La irrupción de Vox en el Parlamento de Cataluña es un nuevo avance del nacionalpopulismo español, que mira a Varsovia y a Budapest, cuando no a Moscú, soñando con importar lo que Viktor Orbán bautizó hace unos años como "democracia iliberal". Vox es el resultado del boomerang que lanzó a España el independentismo catalán en 2017, y que ahora regresa y le estalla en la cara: va a tener que aguantar cuatro años de presencia en el Parlamento, con once escaños y como cuarta fuerza política. De alguna manera, le está bien empleado a los independentistas por la manera temeraria en que llevaron a cabo el procés, despertando el gigante dormido del nacionalpopulismo que ahora nos amenaza a todos, ellos incluidos. Fue un error inmenso. Con media sociedad no se puede caminar hacia una readscripción territorial del nivel más alto, es decir, hacia una secesión. Ésta es viable si se tiene una mayoría suficientemente cualificada a ojos del mundo. Por eso los gobiernos inteligentes, lejos de oponerse a los plebiscitos, los convocan ellos mismos en el momento adecuado y cauterizan así el proceso alejando el desenlace temido: Canadá respecto a Quebec, Gran Bretaña respecto a Escocia. Aquí en cambio, se ve que somos latinos y viscerales: unos se saltan las normas y se lanzan a una independencia precipitada sin mayoría, y los otros sobrerreaccionan reprimiendo con inusitada dureza policial y dictando después sentencias desproporcionadas, provocando en ambos casos una mirada de disgusto de la opinión pública internacional y una pérdida de reputación del país.

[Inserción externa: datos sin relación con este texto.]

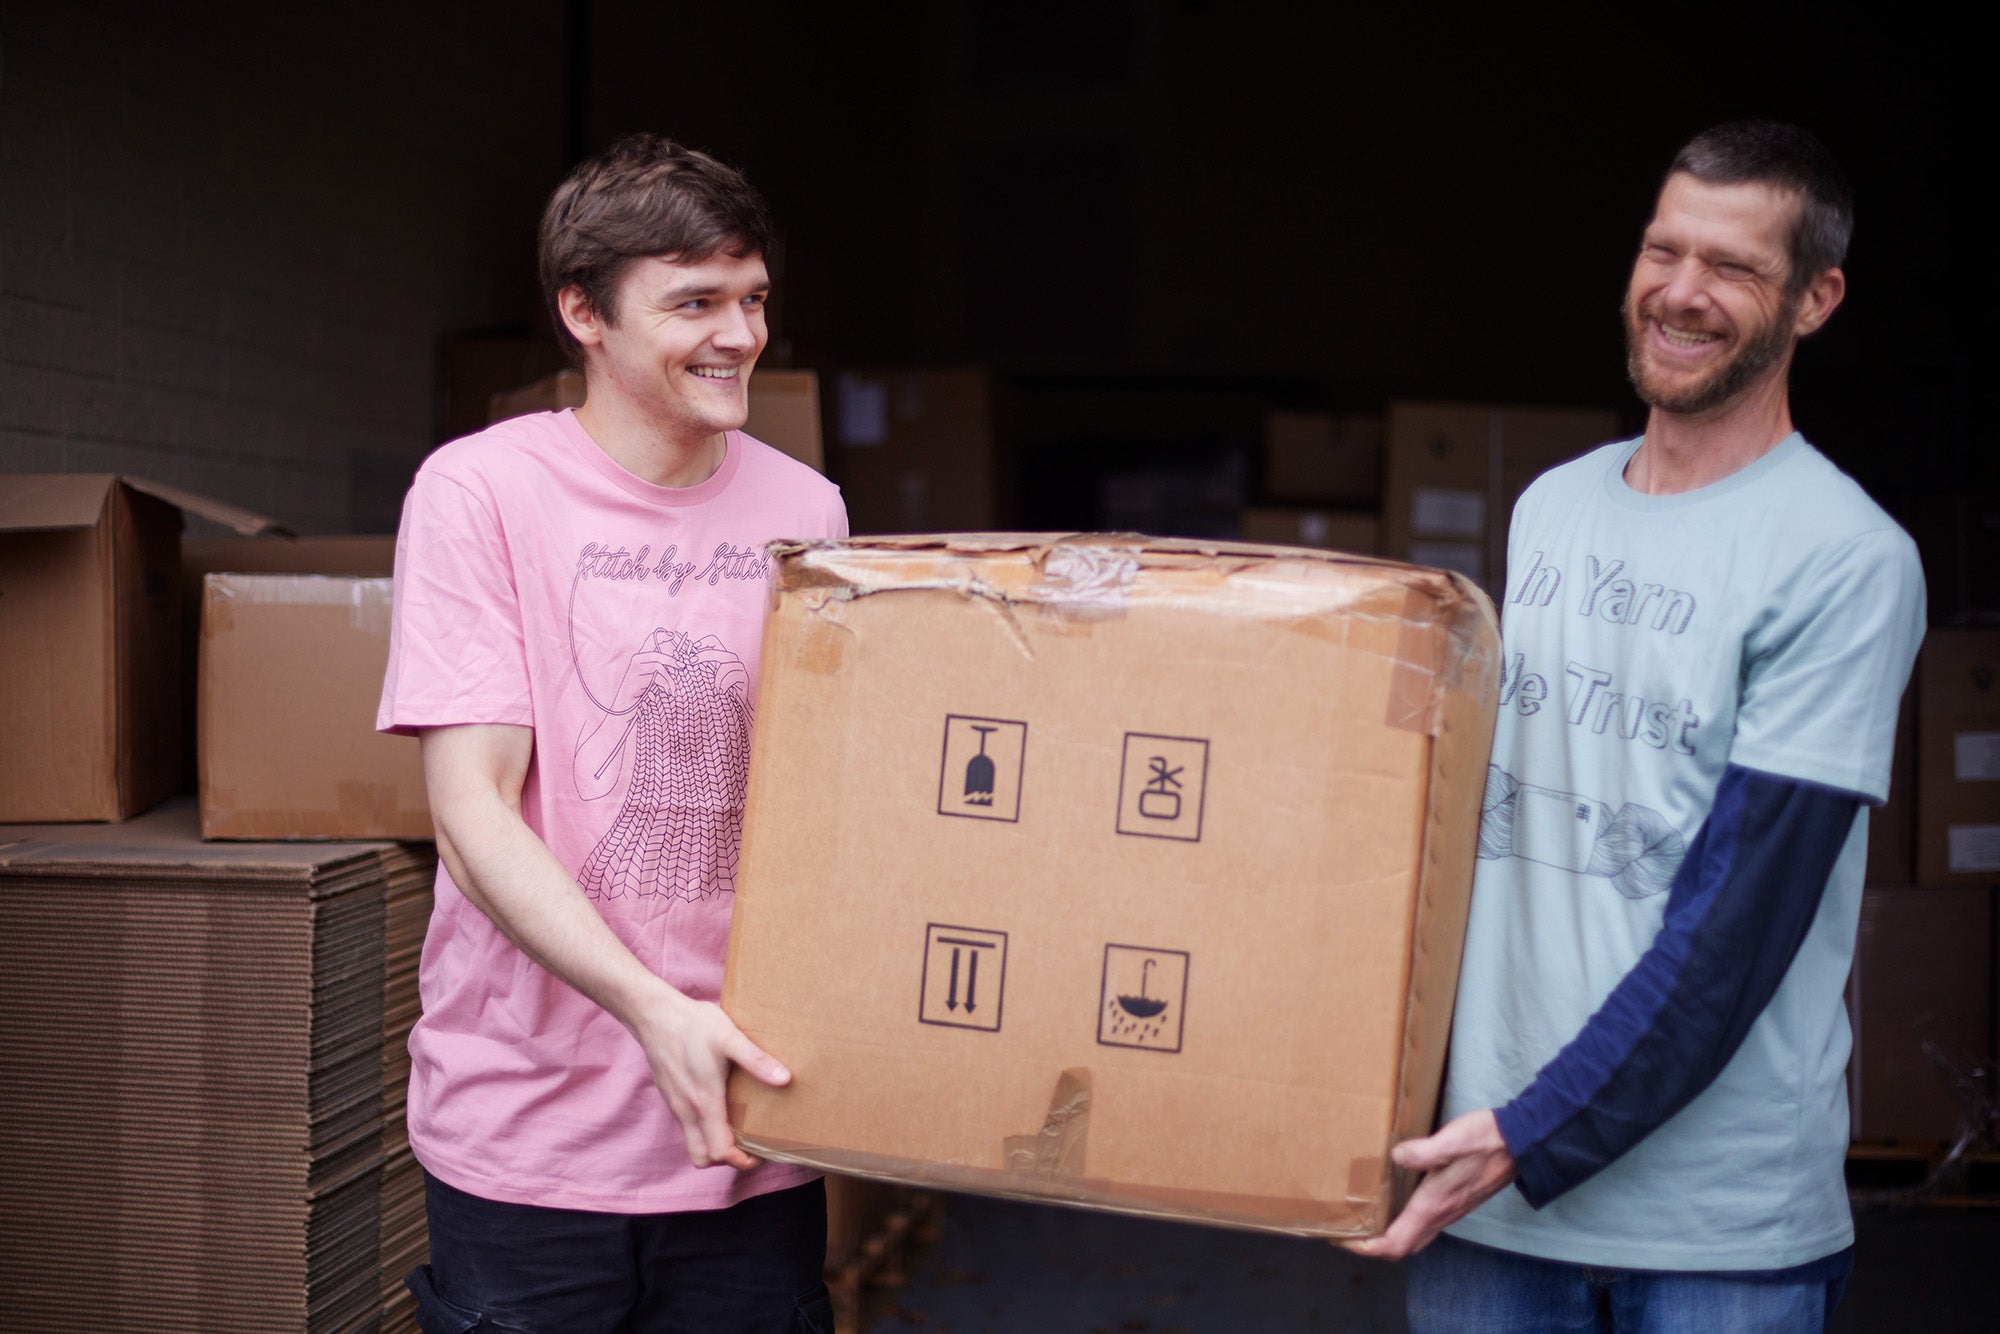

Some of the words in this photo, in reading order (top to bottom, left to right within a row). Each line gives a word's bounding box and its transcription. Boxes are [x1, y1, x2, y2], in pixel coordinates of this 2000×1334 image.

[577, 542, 649, 580] Stitch
[653, 544, 696, 597] by
[1510, 551, 1561, 606] In
[1579, 555, 1696, 635] Yarn
[1566, 661, 1699, 756] Trust

Han sido unas elecciones atípicas. A los libertarios y otras fuerzas extraparlamentarias se les ha impedido presentarse al imponerles una recogida de avales incompatible con las medidas de restricción de movimientos por la pandemia. Tanto es así que sólo ha habido veintitrés candidaturas en las cuatro provincias. Se ha hurtado a los electores una hora de votación, de siete a ocho de la tarde, reservándola para los contagiados de covid-19. Se ha impedido a la autoridad convocante aplazar el proceso electoral al empeorar la epidemia, aunque a otras dos comunidades sí se les permitió el año pasado, creando un nuevo agravio en el caso catalán. Y se ha obtenido lo que quizá se buscaba: una abstención muy alta. Creo, sin embargo, que al final esa abstención se ha repartido más o menos proporcionalmente.

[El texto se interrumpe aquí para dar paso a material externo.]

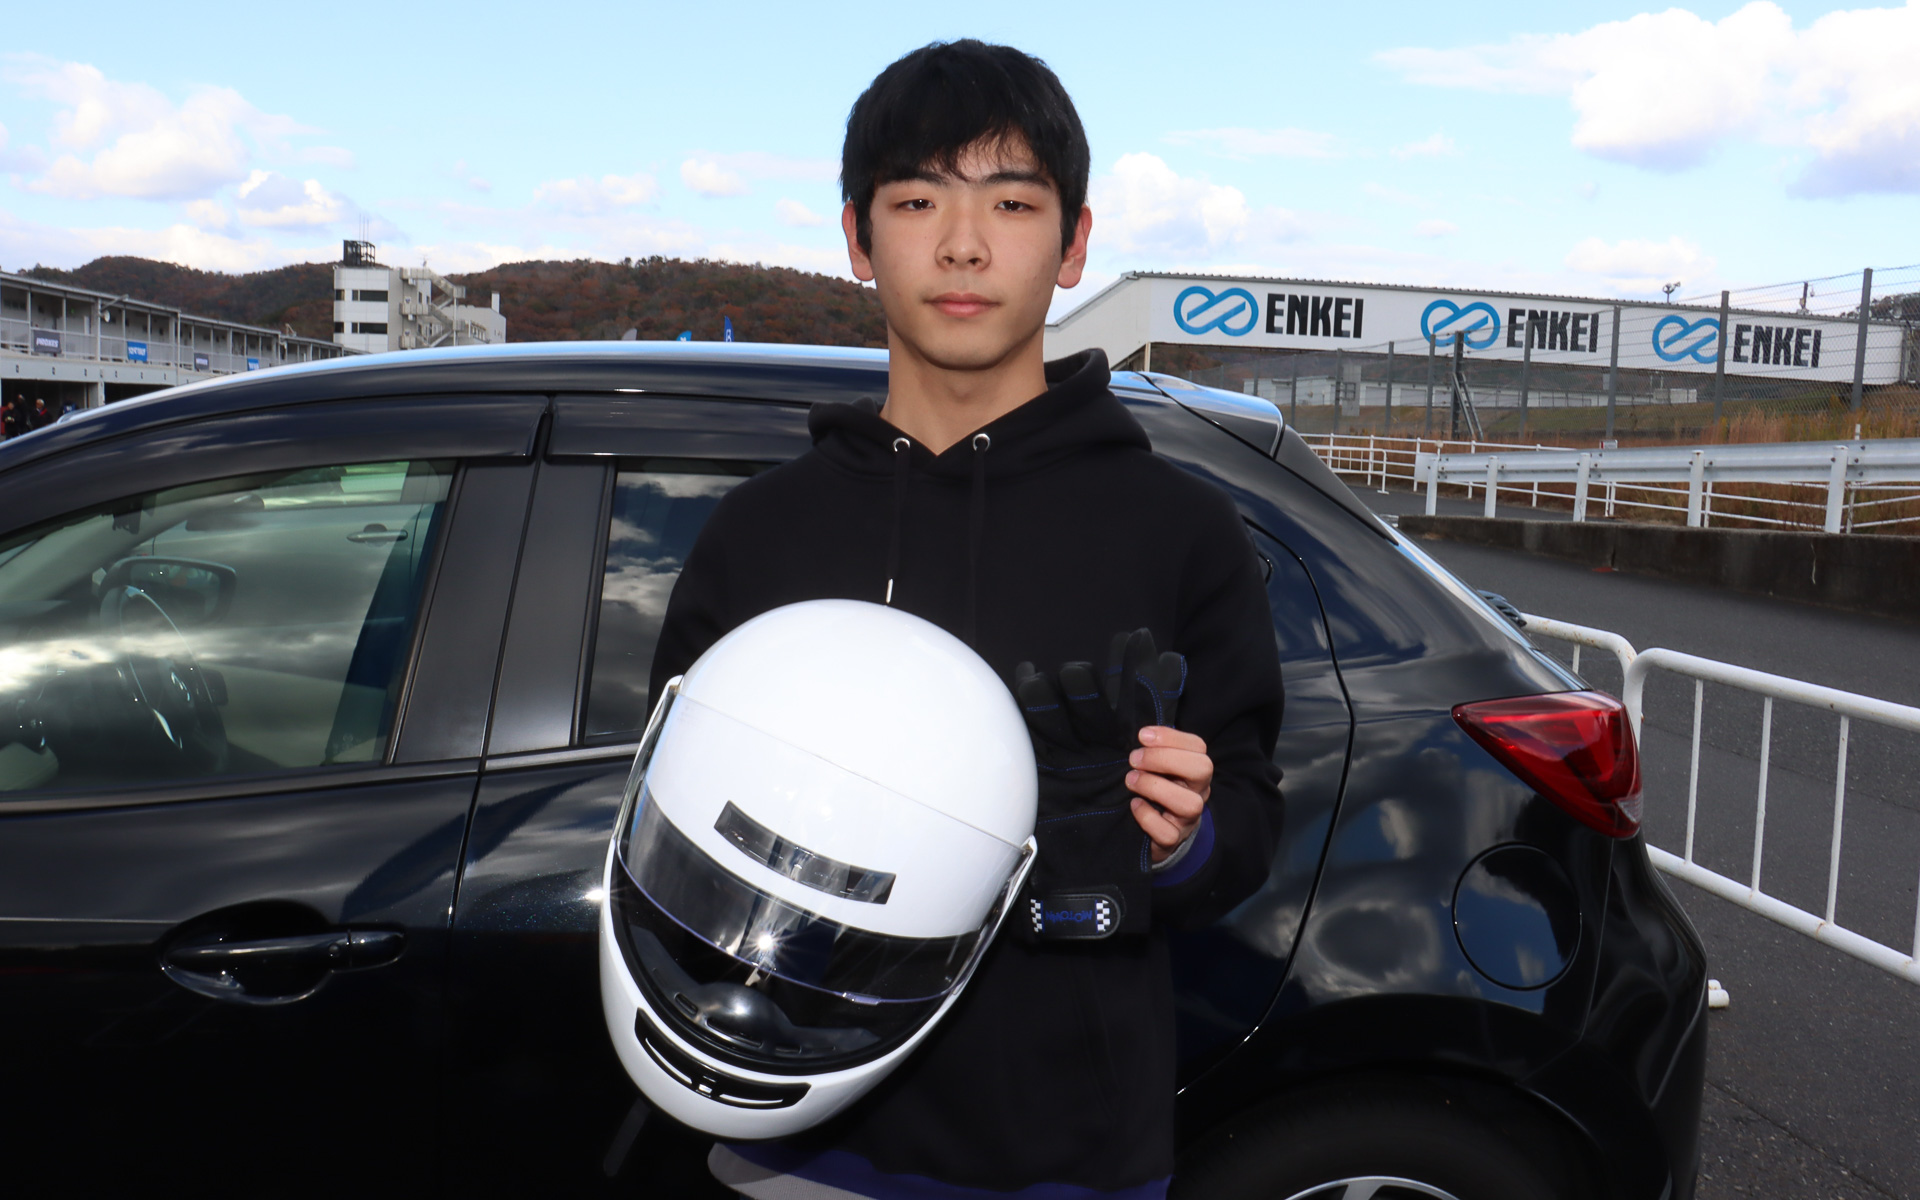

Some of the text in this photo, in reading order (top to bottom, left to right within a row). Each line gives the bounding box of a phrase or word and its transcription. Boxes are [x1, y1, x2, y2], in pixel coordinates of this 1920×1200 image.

[1265, 293, 1364, 339] ENKEI
[1506, 308, 1599, 353] ENKEI
[1732, 324, 1822, 368] ENKEI

La reconfiguración del centroderecha unionista es una victoria pírrica de Vox, porque el resultado de su irrupción es que el conjunto de ese bloque pierde la mitad de sus escaños pasando de cuarenta a veinte, por lo que el PP, los restos de Ciudadanos y el propio Vox se han condenado a la irrelevancia, al no sumar para ninguna posible coalición. Una vez más, Vox le resulta tan útil a la izquierda como en su día Podemos le resultó útil al PP. A nivel nacional, si Vox no existiera, Sánchez soñaría con su aparición, porque asusta tanto a los votantes intermedios y moviliza tanto a los de izquierdas, que vamos a tener sanchismo, lamentablemente, por mucho tiempo.

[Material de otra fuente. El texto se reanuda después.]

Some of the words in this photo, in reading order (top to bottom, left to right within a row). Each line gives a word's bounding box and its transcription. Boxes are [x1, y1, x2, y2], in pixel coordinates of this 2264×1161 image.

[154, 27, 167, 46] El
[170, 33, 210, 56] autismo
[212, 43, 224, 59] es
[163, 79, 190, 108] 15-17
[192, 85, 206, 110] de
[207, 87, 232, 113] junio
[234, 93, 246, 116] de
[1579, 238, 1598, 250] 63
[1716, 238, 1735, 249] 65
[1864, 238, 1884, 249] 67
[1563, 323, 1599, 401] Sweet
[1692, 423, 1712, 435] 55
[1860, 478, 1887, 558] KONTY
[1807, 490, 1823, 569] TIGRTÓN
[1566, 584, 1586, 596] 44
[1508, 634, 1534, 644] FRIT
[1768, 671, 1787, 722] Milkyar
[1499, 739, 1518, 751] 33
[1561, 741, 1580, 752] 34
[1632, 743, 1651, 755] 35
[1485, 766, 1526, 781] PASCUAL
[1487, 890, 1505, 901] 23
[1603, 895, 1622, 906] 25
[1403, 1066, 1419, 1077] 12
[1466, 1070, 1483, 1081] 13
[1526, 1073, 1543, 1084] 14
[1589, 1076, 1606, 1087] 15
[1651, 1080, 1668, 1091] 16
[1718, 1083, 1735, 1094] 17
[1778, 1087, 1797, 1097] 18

Ahora Sánchez tentará a ERC con los indultos a cambio de colocar a Illa de presidente, y añadirá quizá alguna migaja en materia de autogobierno. Veremos si ERC se deja comprar o no, pero la cuestión de fondo persiste. Al ritmo actual de avance demográfico del independentismo, en una década estará en el entorno del 60% de la población catalana, aunque quizá el nacionalpopulismo unionista tenga también quince o veinte puntos. Y se volverá a plantear la independencia, que a nadie le quepa duda. Y quizá se vuelva a hacer saltándose las normas, sorbe todo si no se habilita una ley como la canadiense para encauzar y encapsular la cuestión. Y quizá se vuelva a reprimir con dureza a los votantes. La diferencia será que, a los ojos del mundo, ya no será una sociedad dividida en dos sino una mayoría suficiente. Evitar un nuevo choque de trenes, que puede ser el definitivo, requiere agarrar de una vez el toro por los cuernos y emprender una reforma valiente y desacomplejada del modelo territorial, como la que evitó en los ochenta y noventa la secesión de Flandes. Y eso se llama federalismo, pero el de verdad, no la caricatura vaciada que de él hace el PSOE. Sólo así, además de resolver Cataluña, se podrá resolver España.